4. | Payment of Purchase Price. |
(a) Payment of the purchase price for shares purchased upon exercise of this option shall be
made by delivery to the Company of cash or check payable to the order of the Company in an amount
equal to the purchase price of such shares, or, if the Participant elects and the Company permits,
by delivery of shares of Common Stock of the Company having a fair market value equal in amount to
the purchase price of such shares.
(b) For the purposes hereof, the fair market value of any share of the Company’s Common Stock
to be delivered to the Company in exercise of this option shall be determined in good faith by the
Board of Directors of the Company, in accordance with the terms of the Plan.

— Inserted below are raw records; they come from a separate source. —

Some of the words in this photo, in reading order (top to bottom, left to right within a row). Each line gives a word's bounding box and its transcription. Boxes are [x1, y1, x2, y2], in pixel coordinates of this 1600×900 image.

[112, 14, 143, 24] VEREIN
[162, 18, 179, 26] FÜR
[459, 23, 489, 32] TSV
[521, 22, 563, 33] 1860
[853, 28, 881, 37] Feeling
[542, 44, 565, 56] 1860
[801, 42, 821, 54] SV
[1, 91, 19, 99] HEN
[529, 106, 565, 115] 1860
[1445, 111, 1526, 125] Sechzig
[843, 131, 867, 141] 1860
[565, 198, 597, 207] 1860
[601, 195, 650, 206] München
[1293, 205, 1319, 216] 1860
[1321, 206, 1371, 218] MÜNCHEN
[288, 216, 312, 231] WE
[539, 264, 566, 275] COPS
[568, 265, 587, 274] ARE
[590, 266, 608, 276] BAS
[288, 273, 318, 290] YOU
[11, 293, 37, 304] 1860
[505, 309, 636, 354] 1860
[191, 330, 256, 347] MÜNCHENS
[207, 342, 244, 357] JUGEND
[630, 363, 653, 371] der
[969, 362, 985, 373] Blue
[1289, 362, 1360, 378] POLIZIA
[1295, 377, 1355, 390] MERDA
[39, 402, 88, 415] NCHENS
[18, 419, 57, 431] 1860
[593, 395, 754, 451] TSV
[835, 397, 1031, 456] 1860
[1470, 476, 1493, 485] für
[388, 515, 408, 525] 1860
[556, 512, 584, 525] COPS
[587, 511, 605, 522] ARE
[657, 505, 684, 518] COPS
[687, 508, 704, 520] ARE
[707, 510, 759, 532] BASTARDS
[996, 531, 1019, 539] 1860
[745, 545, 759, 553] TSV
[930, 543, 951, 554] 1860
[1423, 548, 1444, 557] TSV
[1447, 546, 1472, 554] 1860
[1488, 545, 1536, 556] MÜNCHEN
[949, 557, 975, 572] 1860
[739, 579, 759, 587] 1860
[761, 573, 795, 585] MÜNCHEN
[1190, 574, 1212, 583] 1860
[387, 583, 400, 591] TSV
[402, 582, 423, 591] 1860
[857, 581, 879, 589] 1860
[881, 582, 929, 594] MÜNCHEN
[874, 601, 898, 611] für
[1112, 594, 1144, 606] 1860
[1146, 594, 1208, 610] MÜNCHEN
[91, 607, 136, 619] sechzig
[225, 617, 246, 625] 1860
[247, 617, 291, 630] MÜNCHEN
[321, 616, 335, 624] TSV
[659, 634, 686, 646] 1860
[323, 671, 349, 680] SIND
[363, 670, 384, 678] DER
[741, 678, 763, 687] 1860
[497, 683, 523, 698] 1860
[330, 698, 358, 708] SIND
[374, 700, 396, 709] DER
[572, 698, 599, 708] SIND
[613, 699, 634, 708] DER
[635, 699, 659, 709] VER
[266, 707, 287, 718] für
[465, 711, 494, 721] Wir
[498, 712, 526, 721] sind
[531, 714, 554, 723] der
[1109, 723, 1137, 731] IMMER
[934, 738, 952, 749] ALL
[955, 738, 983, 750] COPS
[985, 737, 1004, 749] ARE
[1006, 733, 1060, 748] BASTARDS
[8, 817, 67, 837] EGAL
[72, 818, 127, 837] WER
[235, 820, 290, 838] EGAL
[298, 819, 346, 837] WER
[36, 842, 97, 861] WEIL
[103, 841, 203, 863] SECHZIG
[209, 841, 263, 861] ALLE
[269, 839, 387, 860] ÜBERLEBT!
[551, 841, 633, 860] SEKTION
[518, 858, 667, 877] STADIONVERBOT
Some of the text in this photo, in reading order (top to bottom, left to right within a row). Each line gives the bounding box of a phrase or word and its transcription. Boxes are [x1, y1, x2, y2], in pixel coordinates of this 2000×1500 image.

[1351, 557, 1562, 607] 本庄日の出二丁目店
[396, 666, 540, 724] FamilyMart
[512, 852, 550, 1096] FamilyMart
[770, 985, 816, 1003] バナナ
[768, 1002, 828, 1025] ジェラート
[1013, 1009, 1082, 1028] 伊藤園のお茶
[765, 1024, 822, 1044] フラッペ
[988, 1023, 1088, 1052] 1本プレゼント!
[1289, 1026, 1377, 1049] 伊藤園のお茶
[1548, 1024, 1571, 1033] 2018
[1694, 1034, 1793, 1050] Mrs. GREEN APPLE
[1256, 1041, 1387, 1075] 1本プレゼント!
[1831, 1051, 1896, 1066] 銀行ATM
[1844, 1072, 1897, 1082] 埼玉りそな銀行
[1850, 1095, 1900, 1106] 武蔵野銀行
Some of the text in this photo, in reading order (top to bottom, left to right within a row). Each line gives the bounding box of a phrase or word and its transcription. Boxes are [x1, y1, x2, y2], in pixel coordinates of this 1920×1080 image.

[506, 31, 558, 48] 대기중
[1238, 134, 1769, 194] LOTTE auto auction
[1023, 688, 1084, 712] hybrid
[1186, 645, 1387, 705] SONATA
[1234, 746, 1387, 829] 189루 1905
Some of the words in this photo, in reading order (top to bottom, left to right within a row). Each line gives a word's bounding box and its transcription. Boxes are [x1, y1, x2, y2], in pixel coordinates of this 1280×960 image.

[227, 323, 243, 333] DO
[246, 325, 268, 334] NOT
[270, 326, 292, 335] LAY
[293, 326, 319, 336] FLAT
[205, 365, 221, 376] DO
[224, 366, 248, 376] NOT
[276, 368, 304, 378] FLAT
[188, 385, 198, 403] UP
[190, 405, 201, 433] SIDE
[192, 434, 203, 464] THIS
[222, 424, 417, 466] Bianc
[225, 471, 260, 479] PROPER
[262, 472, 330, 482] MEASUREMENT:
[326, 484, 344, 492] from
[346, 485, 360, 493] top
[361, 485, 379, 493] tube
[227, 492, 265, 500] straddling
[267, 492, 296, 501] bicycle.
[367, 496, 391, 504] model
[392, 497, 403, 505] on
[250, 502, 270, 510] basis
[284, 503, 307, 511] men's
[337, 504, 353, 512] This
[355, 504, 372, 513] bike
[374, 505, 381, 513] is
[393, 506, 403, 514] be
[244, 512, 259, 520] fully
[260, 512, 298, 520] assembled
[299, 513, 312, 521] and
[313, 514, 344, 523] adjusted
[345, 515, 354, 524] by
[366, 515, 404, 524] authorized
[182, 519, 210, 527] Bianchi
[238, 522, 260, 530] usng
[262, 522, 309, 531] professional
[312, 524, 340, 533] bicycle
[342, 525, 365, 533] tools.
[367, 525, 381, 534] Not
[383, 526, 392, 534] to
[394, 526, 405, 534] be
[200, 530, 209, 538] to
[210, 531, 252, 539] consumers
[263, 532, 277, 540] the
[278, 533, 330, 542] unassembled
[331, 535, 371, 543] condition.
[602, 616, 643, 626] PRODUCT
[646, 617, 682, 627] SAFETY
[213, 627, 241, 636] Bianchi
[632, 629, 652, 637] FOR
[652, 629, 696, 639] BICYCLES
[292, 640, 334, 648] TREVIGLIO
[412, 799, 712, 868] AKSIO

(c) If the Participant elects to exercise options by delivery of shares of Common Stock of the
Company, the certificate or certificates representing the shares of Common Stock of the Company to
be delivered shall be duly executed in blank by the Participant or shall be accompanied by a stock
power duly executed in blank suitable for purposes of transferring such shares to the Company.
Fractional shares of Common Stock of the Company will not be accepted in payment of the purchase
price of shares acquired upon exercise of this option.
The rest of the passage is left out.